Sigma-Aldrich was renowned for its customer support through a website that seamlessly connects users with research supplies, information on methods, and articles relevant to their scientific interests. Klaus-Reinhard Bischoff, executive vice president of MilliporeSigma, said the Sigma-Aldrich website model will be used globally for the combined businesses.

“You can already find EMD Millipore products on the Sigma-Aldrich website,” Bischoff said. MilliporeSigma is committed to making sure customers have “as good an experience or better” on the integrated site as they had before. “With our combined portfolios, we are a good partner for scientists working with both small and large molecules,” he said.

Bruker, like other instrument makers, would also say it is a good partner for scientists. The firm focused its new product introductions at Pittcon on analytic solutions. Among them was a honey profiling module that works with low-field (200 Mhz) Fourier transform nuclear magnetic resonance (NMR) equipment to allow food processing firms to screen for mislabeled and adulterated honey.

According to Bruker’s president, Frank Laukien, the profiler expands Bruker’s foray in NMR food characterization beyond an earlier profiler for European wines. “I thought NMR was just headed for higher field instruments, which it still is,” Laukien said.

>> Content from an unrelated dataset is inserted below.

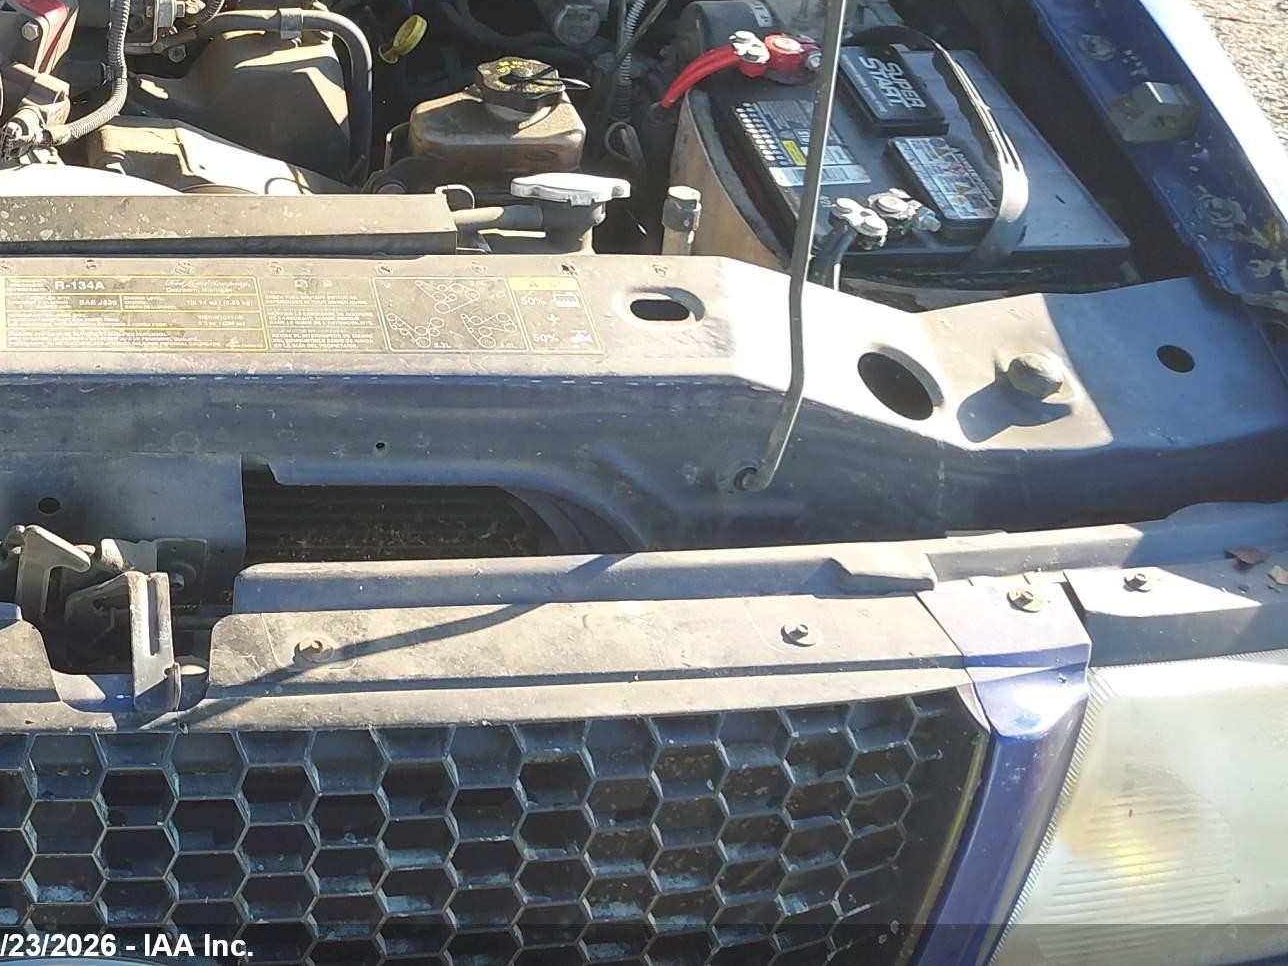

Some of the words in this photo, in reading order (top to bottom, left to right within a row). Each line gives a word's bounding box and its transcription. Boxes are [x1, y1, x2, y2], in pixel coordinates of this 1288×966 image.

But customer interest in using NMR to authenticate honey and other foods “is not what I would have expected a few years ago.”

As for business overall, Laukien said he expects sales to life sciences customers to be decent, but not spectacular, in 2016. Industrial markets should be slower this year, he said. Like his competitors, Laukien expects growth in China for instruments directed at the life sciences and environmental and food quality monitoring. Demand from Chinese industrial customers, however, will lag.

At Shimadzu, Terry Adams, marketing vice president, pointed out that instrument demand tied to the oil and petrochemical industries will slip this year because of the decline in energy prices. But life sciences markets will continue to do well. In the long term, he expects advances in mass spectrometry to both enable medical breakthroughs and make possible better health diagnostic tests.

Medical research often came up at Pittcon as companies discussed their newest initiatives. A large number of firms introduced kits aimed at reducing the burden of sample preparation for proteomic researchers.

Waters, for instance, showcased its ProteinWorks eXpress Digest Kits, which are intended to accelerate and standardize the quantification of proteins by liquid chromatography/mass spectrometry. Thermo Fisher emphasized the value of its Smart Digest Kits, which cut protein preparation time from 16 hours to two hours.

The handheld mass spectrometer start-up 908 Devices introduced a microfluidic chip for protein separation. Designed to work through a custom interface box attached to a laboratory mass spectrometer, the chip contains etched channels that separate out metabolites, amino acids, intact proteins, or antibody-drug conjugates in two to three minutes, said Chris Petty, vice president of the firm.

The ZipChip and accompanying interface box do not come cheap. Each chip, about the size of a glass microscope slide, costs around $400 and is good for 100 samples. The box costs about $25,000.

For new tools such as the ZipChip to flourish, they must, in the words of Waters’ O’Connell, “provide a better analytical outcome” than what is already available. Although Pittcon is a showcase for new products touting better performance, only time and the bottom line will tell whether those products succeed.  


CORRECTION: This story was published with the captions of the two instrument close-up photos reversed. It was updated on April 2, 2018, to correct the mistake.